A New Chapter Begins

It’s official; I’m home full time. My intent was to give a four week notice but the powers that be felt paying me out my notice and letting me go was a better idea.  Works for me! And so, tomorrow begins a new chapter.  Honestly…I am terrified.  Because, well, what if?  What if I’m really not a good mom and they hate me being home?  What if I’m a horrible cook but everyone has been telling me “it’s good” just to be nice?  What if I get bored?  What if I can’t handle being without adult interaction for one full day?  What if I get lazy? What if I don’t have the discipline to write?  Worse, what if I’m a horrible writer? What if I turn those “what if’s” into, “If I don’t…”.

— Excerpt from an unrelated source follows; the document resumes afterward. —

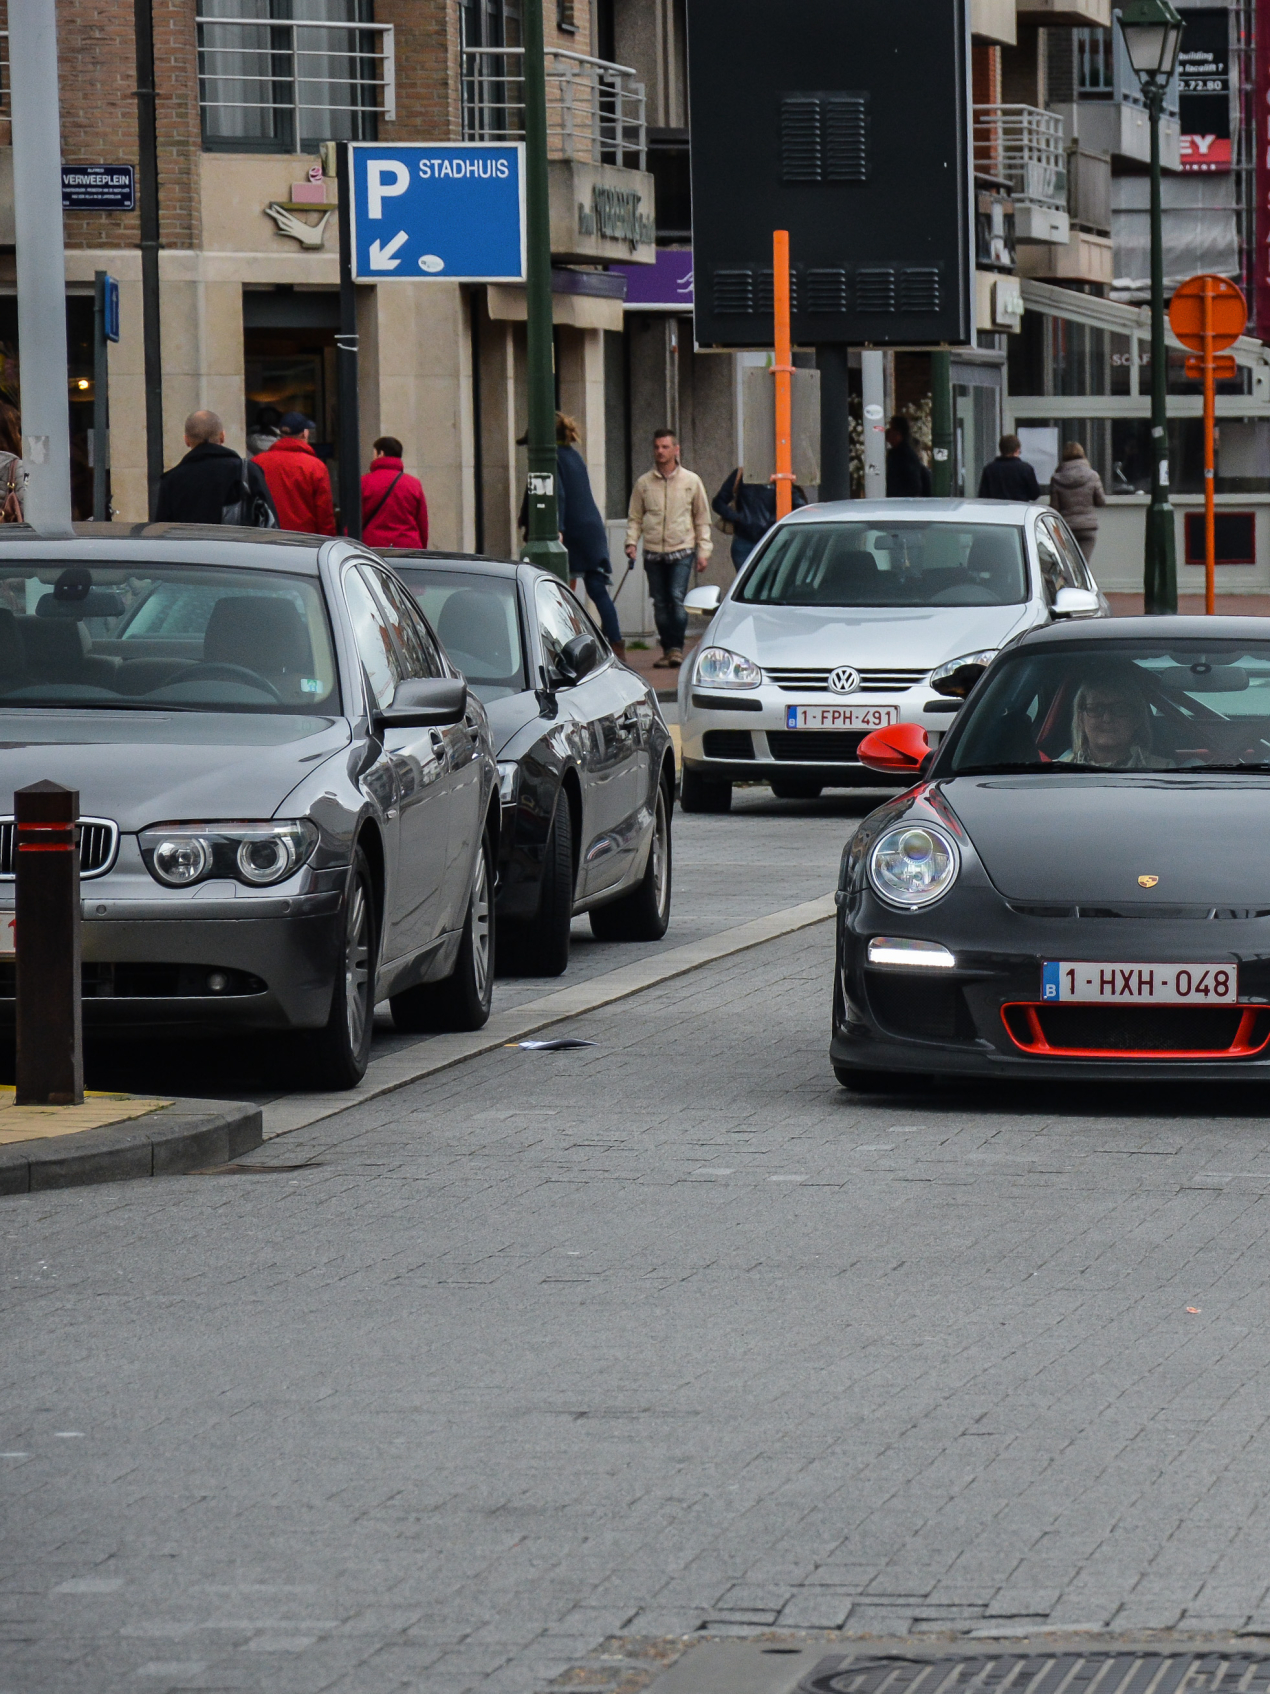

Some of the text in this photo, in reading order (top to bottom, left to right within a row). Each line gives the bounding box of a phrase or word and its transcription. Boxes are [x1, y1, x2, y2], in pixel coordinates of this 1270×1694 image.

If I don’t do this, I will never know the answer to all of those “what if’s”.  Because I know me and I know that all of those “what if’s” are lies I tell myself (except maybe my cooking – I have a sneaking suspicion about that one).  So I have devised a plan to keep myself and my “what if’s” from sabotaging my goals.  Keep it simple.  One day at a time; one goal at a time.   That’s it.  That’s the plan.  I don’t know if this will work.  But I believe this is God’s plan for me and I believe that I must at least try or I will regret it.  I suppose if the keep it simple approach doesn’t work, I can devise a new plan.

So… here we go. Are you ready to walk with me?